Start of RECORDS
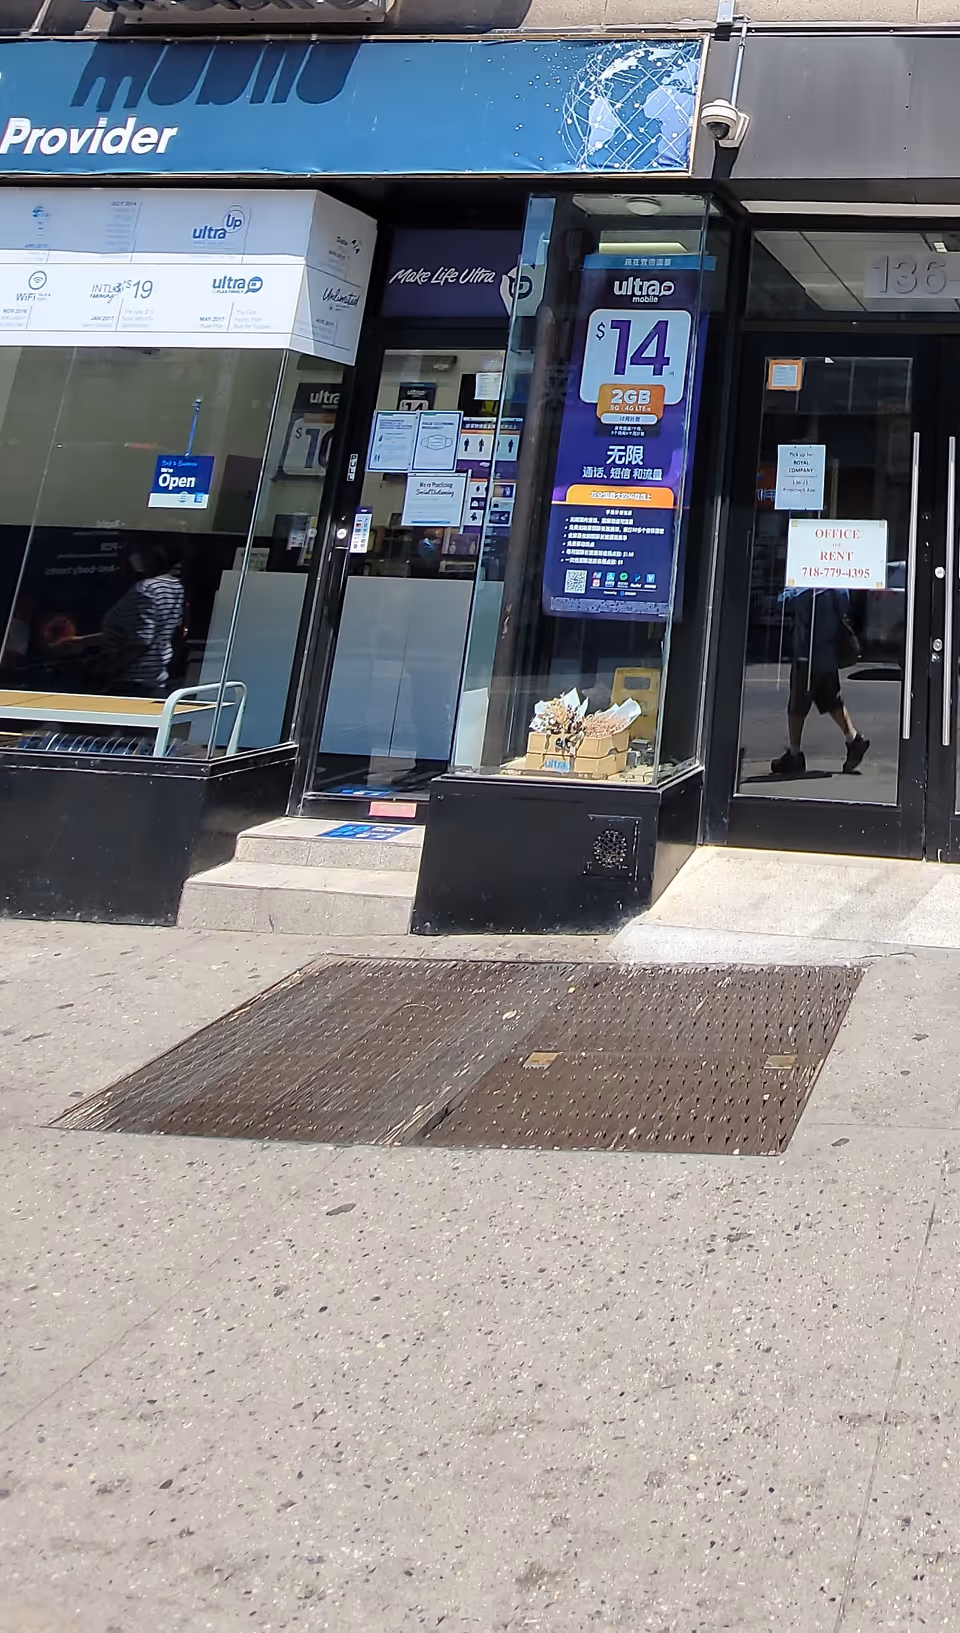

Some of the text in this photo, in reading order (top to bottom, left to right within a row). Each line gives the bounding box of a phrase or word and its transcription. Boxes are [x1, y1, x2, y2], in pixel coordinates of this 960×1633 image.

[0, 115, 178, 155] Provider
[192, 214, 242, 240] ultra Up
[212, 275, 246, 290] ultra
[389, 267, 496, 286] Make Life Ultra
[613, 276, 660, 295] ultra
[16, 292, 36, 301] WiFi
[611, 389, 651, 404] 2GB
[606, 445, 644, 465] 无限
[158, 473, 196, 490] Open
[814, 529, 860, 539] OFFICE
[820, 551, 854, 561] RENT
[802, 567, 870, 579] 718-779-4395
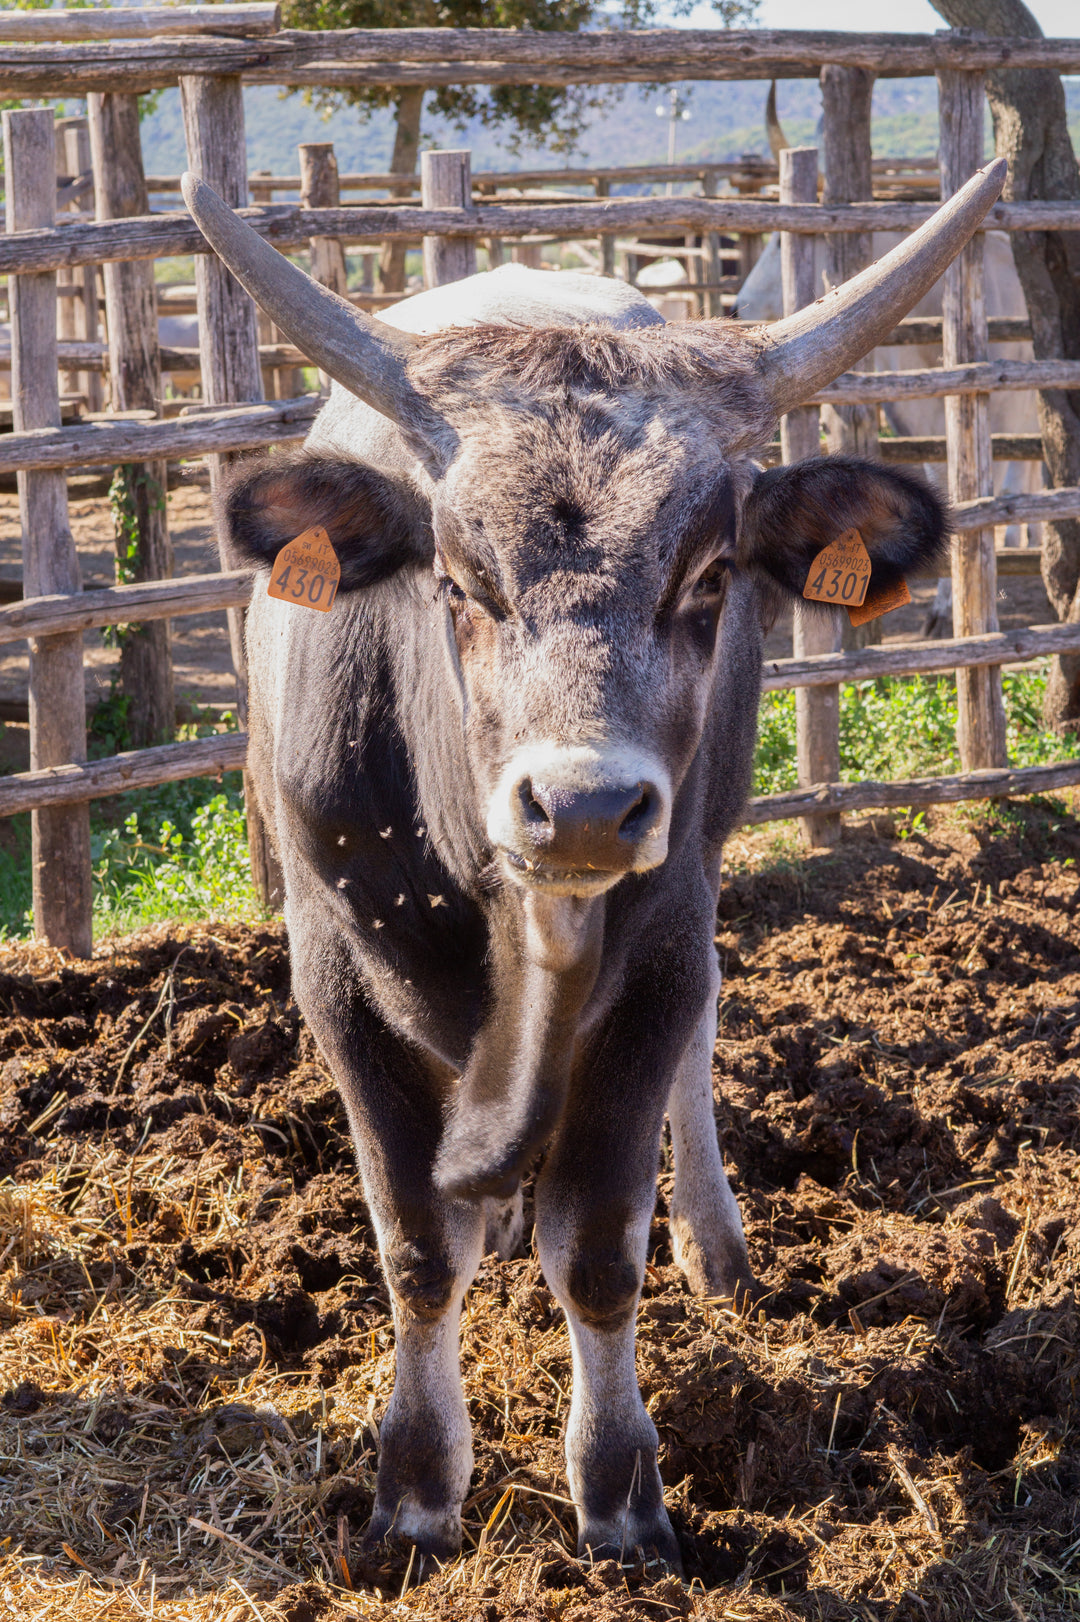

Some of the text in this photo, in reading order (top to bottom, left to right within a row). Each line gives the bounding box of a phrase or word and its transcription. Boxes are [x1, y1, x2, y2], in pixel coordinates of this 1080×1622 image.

[318, 544, 330, 555] IT
[851, 543, 863, 553] IT
[283, 549, 338, 575] 05699023
[819, 552, 869, 572] 05699023
[276, 565, 338, 607] 4301
[811, 568, 868, 602] 4301
End of RECORDS
## EXERCISE DIRECTIONS
Please return all of the entries word for word, excluding the pictures.

## SOLUTION TO THIS PROBLEM
Some of the text in this photo, in reading order (top to bottom, left to right within a row). Each line gives the bounding box of a phrase or word and its transcription. Boxes are [x1, y1, x2, y2], in pixel coordinates of this 960×1633 image.

[0, 115, 178, 155] Provider
[192, 214, 242, 240] ultra Up
[212, 275, 246, 290] ultra
[389, 267, 496, 286] Make Life Ultra
[613, 276, 660, 295] ultra
[16, 292, 36, 301] WiFi
[611, 389, 651, 404] 2GB
[606, 445, 644, 465] 无限
[158, 473, 196, 490] Open
[814, 529, 860, 539] OFFICE
[820, 551, 854, 561] RENT
[802, 567, 870, 579] 718-779-4395

Some of the text in this photo, in reading order (top to bottom, left to right within a row). Each line gives the bounding box of a phrase or word and its transcription. Boxes are [x1, y1, x2, y2], in pixel coordinates of this 1080×1622 image.

[318, 544, 330, 555] IT
[851, 543, 863, 553] IT
[283, 549, 338, 575] 05699023
[819, 552, 869, 572] 05699023
[276, 565, 338, 607] 4301
[811, 568, 868, 602] 4301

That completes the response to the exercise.